◆ Work request ◆
Output each entry verbatim.

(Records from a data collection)
* * * * * * * * *
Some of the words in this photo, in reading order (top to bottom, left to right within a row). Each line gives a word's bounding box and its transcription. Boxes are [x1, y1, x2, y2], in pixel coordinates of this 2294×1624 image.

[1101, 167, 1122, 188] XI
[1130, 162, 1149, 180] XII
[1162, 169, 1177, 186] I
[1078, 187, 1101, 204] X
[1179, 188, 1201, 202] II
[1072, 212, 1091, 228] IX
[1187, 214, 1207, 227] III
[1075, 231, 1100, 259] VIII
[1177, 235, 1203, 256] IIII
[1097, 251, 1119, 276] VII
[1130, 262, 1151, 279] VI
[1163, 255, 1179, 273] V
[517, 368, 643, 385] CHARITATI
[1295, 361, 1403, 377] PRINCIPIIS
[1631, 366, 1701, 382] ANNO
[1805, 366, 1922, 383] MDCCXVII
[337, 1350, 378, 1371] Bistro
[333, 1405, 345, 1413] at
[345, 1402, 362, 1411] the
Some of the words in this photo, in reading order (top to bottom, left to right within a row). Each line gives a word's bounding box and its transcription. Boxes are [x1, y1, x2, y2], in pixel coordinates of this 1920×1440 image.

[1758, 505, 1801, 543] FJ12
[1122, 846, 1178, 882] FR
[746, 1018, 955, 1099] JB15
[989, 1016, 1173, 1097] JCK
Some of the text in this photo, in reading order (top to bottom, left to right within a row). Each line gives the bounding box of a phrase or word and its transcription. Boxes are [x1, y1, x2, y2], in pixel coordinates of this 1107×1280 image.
* * * * * * * * *
◆ The completed task ◆
Some of the words in this photo, in reading order (top to bottom, left to right within a row). Each line gives a word's bounding box and its transcription. Boxes are [x1, y1, x2, y2], in pixel coordinates of this 2294×1624 image.

[1101, 167, 1122, 188] XI
[1130, 162, 1149, 180] XII
[1162, 169, 1177, 186] I
[1078, 187, 1101, 204] X
[1179, 188, 1201, 202] II
[1072, 212, 1091, 228] IX
[1187, 214, 1207, 227] III
[1075, 231, 1100, 259] VIII
[1177, 235, 1203, 256] IIII
[1097, 251, 1119, 276] VII
[1130, 262, 1151, 279] VI
[1163, 255, 1179, 273] V
[517, 368, 643, 385] CHARITATI
[1295, 361, 1403, 377] PRINCIPIIS
[1631, 366, 1701, 382] ANNO
[1805, 366, 1922, 383] MDCCXVII
[337, 1350, 378, 1371] Bistro
[333, 1405, 345, 1413] at
[345, 1402, 362, 1411] the
Some of the words in this photo, in reading order (top to bottom, left to right within a row). Each line gives a word's bounding box and its transcription. Boxes are [x1, y1, x2, y2], in pixel coordinates of this 1920×1440 image.

[1758, 505, 1801, 543] FJ12
[1122, 846, 1178, 882] FR
[746, 1018, 955, 1099] JB15
[989, 1016, 1173, 1097] JCK
Some of the text in this photo, in reading order (top to bottom, left to right within a row). Each line gives the bounding box of a phrase or word and its transcription. Boxes are [x1, y1, x2, y2], in pixel coordinates of this 1107×1280 image.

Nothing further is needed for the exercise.